Blockchain based money is also of course is much more transparent than physical cash, which does not leave any record of historical ownership; but it’s much also less financially inclusive than physical cash which everyone knows how to use.

🥶 Freezing and wiping accounts

If you look into the smart contract code that defines the stablecoins, you can see that accounts can be frozen using special transactions sent to the blockchain.

For example, Paxos (my previous employer who sets a high bar for regulatory compliance) states in its Terms and Conditions (retrieved 29 Oct 2019) that they can freeze all tokens regardless of where they are held:

A law enforcement user can freeze and wipe PAX balances associated with specific Ethereum accounts. Search for “freeze” in the PAX smart contract code. This is different to physical cash!

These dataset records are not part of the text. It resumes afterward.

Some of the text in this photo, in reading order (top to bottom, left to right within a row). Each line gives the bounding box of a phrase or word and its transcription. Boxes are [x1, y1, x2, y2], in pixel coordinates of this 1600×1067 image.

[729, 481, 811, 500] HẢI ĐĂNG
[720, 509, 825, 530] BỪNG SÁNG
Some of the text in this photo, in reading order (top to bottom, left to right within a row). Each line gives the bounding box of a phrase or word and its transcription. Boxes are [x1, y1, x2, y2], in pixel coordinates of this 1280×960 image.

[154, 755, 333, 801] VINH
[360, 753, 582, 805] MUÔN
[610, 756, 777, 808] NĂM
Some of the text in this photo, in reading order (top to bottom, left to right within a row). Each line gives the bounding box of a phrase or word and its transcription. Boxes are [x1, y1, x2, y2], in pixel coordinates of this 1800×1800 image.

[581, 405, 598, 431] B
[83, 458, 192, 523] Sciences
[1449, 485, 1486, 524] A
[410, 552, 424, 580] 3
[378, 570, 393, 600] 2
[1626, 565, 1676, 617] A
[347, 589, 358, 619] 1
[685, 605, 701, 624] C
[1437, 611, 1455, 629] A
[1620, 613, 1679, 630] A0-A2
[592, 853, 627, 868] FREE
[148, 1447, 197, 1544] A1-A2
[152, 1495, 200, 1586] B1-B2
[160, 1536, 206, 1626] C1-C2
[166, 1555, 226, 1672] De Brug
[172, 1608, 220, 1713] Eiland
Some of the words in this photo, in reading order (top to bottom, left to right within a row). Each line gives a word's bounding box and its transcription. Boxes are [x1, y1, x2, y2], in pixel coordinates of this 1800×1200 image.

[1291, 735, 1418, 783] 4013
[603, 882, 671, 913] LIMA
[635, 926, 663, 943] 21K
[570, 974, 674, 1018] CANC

This means that although the issuer may not be able to map a real world identity to the pseudonymous account holding their stablecoin, they can effectively freeze and wipe the account – presumably on demand from a financial regulator or law enforcement. This ability gives comfort to those who want to see a “kill switch”. Here’s an article about it from TheNextWeb.

🎉 Enabling innovation

So with approved stablecoins, we have:

• Low-volatility assets (typically, fiat-backed stablecoins trade within 1% of their underlying fiat price, ie between 0.99 and 1.01 to 1)
• Money that can move with a lot less friction than money in bank accounts (banks have opening hours, they may not allow programmatic instructions, they may overburden their customers for unnecessary information requests as they over-comply with regulations)
• Money that can move as long as the blockchain is working (instead of catering to scheduled and unscheduled system downtime that exists with centralised financial service providers)
• Money that can be programmed, escrowed, released, automated in smart contracts defined by code
• Money that leaves an ownership trail on their respective blockchains, that can be analysed
• Money that can, if needed, be frozen and wiped

Permissioned pseudonymity seems to be a sensible balance between allowing innovation without enabling large scale abuses of the financial system.